High school in the American consciousness

Dear son,

Americans like to believe that people grow up right after high school and to me this is proof that they're childish.  There's no reason to believe that a diploma means a change in behavior or that high school, a process involving almost zero dedication or danger beyond football and breakups, will force you to make any serious decisions.  The hormones you began it with are there when you leave.  A senior is really no smarter than a sophomore.  To expect adults by the end is an exercise in fantasy.  We expect high school to be over only because the high schoolers have left the building.


In truth the only thing that makes you into a man is fear and we've taken the fear out of schooling.  Our leftism is an attempt to take it out of the general consciousness.  A sober look at the world (which most teachers refuse to give high schoolers) will yield the fact that almost the whole universe is against you and that you're struggling to survive in a world where you don't own enough property to feed yourself and are unlikely to be born into a business and where you have no chance at physically fighting the government.  The fear of suffering and death and the respect of what saves us from them is something you learn after high school when you begin fighting for a family and start reading the news -- probably too little, and probably too late.  Until then life is a game, work doesn't hurt, and the women are in better shape.  Checks and balances in government are as irrelevant as balancing a checkbook.

The process of maturity comes through a grueling gauntlet of trial and error in a world where other people have built things and need you to maintain them and are terrified of you ruining them.  There's no chance of "making it" on your own and so we view all maturity as relational.  These businesses we enter, many times handed down from generation to generation, each have their own cultures and are run by their own tyrants. They're the accumulation of centuries of the experience of survival, of hard-won livelihoods carved out of the ground by centuries of conflict and innovation*.  They're the difference between life and death and we enter them as "jobs" and we complain about them as a nuisance as though we could have made them and the only thing stopping us was our poverty.

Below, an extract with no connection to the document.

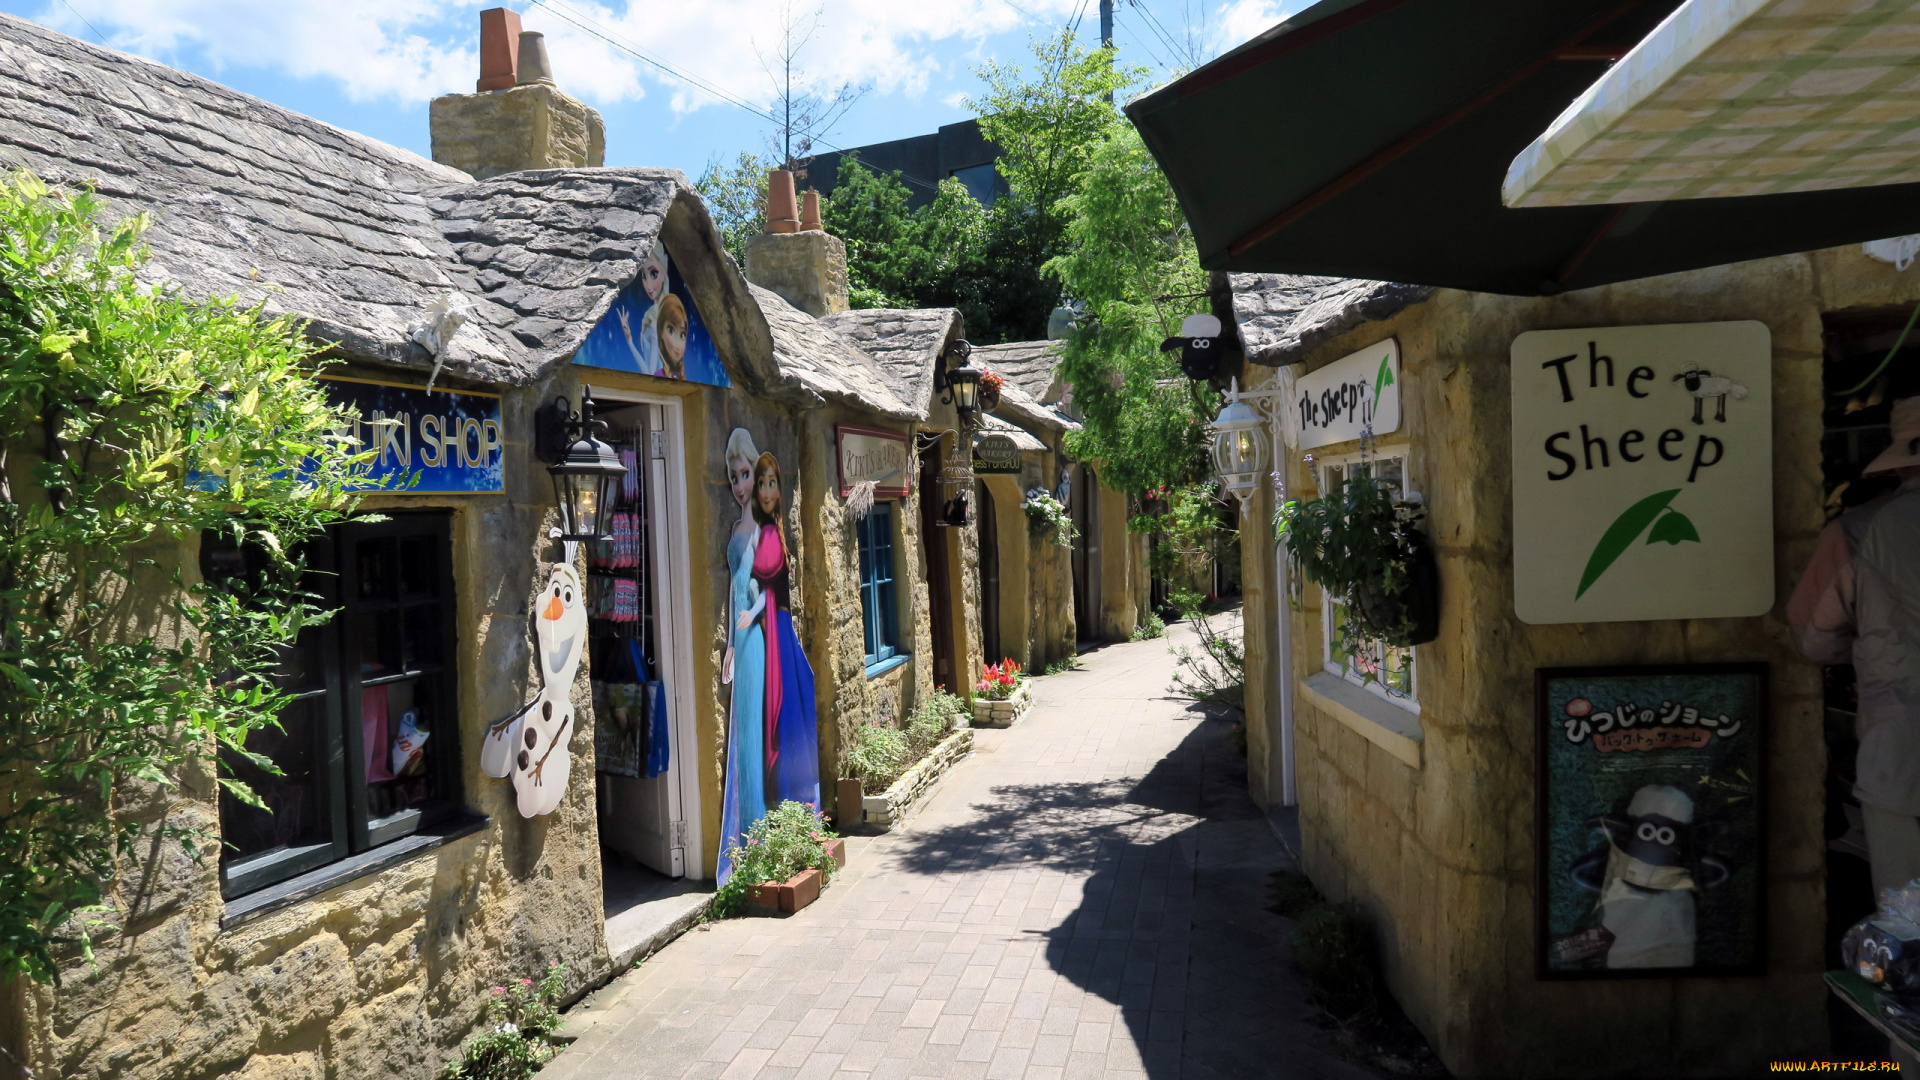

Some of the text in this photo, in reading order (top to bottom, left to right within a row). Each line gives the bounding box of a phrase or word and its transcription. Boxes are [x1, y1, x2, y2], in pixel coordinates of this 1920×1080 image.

Our adaptation to this system of production and the building of our families, a pursuit of happiness in resources and reproduction, is what eventually makes you a man, and then only if you're smart and tough enough to make yourself one.  All other ideas about growing up or reaching sainthood or becoming perfect are a joke and a lie.  You adapt to your environment or you don't; and the people who do it best are thought the most mature -- or to put it a more honest way, a man who follows the law and does well in business and runs a happy family is well-adjusted.  Youth is said to be an age but it really means you haven't adapted yet.  Old people are too old because the system they adapted to is either passing or has already passed away and they're unwilling to move along with it.  You're either good for what you and your family and your country need or you aren't.  The end of high school is when you start finding out what you're good for and what you have to improve**.  It has little to do with whether you're any good.

A wise person is never surprised about the immaturity of high-school passing into adult life.  All you need to know about the rest of your life, the kinds of people you're going to meet, the bullies, the jocks, the nerds, the stoners, the popular kids; the heroes and slackers and good girls and sluts, is acted out in a crammed work environment where cliques form according to races and interests; where shame and honor prove losers and winners; where romance is dirty and hearts will get broken; where some strive to stand out and most to fit in; where authority gives reasons and you're expected to follow them; where credits from an authority are a pretense to a mind; where group projects prove who works best and all others are layabouts; where beauty rules all and where ugliness needs skills; where promises are broken, where truth-telling is inconvenient, where slights are taken seriously and serious things are taken lightly; where stupid things are believed simply because others believe in them and where believing in them is necessary to your advancement.  All of this before we go into business or government.  All of this before we begin our families or go to college or pick our own church.  Our nature in its infancy is our nature in old age.  We are many of us the same idiots we knew when we were children.  The difference is that some of us have learned how to work with it, and others are busy complaining about a continuance of "high school" at the workplace.

Yours,
-J

*Just a cursory look around your house will tell you what I'm saying above.  Every product that you see, from the toys on the shelf to the soap on your sink, is the product of a man who was fighting for his family.  In many cases it's the product of several companies and thousands of men fighting for thousands of families; and the companies have been in existence for decades; and the companies they fought and put out of business are living in the innovations to the products we're building on today.

When I look around my house I see a collision of genius and hard work and organization beyond anything I could ever dream up myself, and it leads me to think two things.  First, that I'm grateful to be where I am when I am; and second, that I'm deeply dependent on a system that I didn't create and couldn't create but I have to defend with my life.  Your toys say this to me when I pick them up and hand them to you.  I have no choice but to be reverent.  An anti-capitalist, to me, is nearly the worst kind of heretic.

**I fully believe that everyone can be good for something.  As such my advice is that a person should be as complete in as many areas as possible, but if you can't be gorgeous, be brilliant; if you can't be brilliant, be handy; if you can't be handy, be pleasant; if you can't be pleasant, then hang yourself.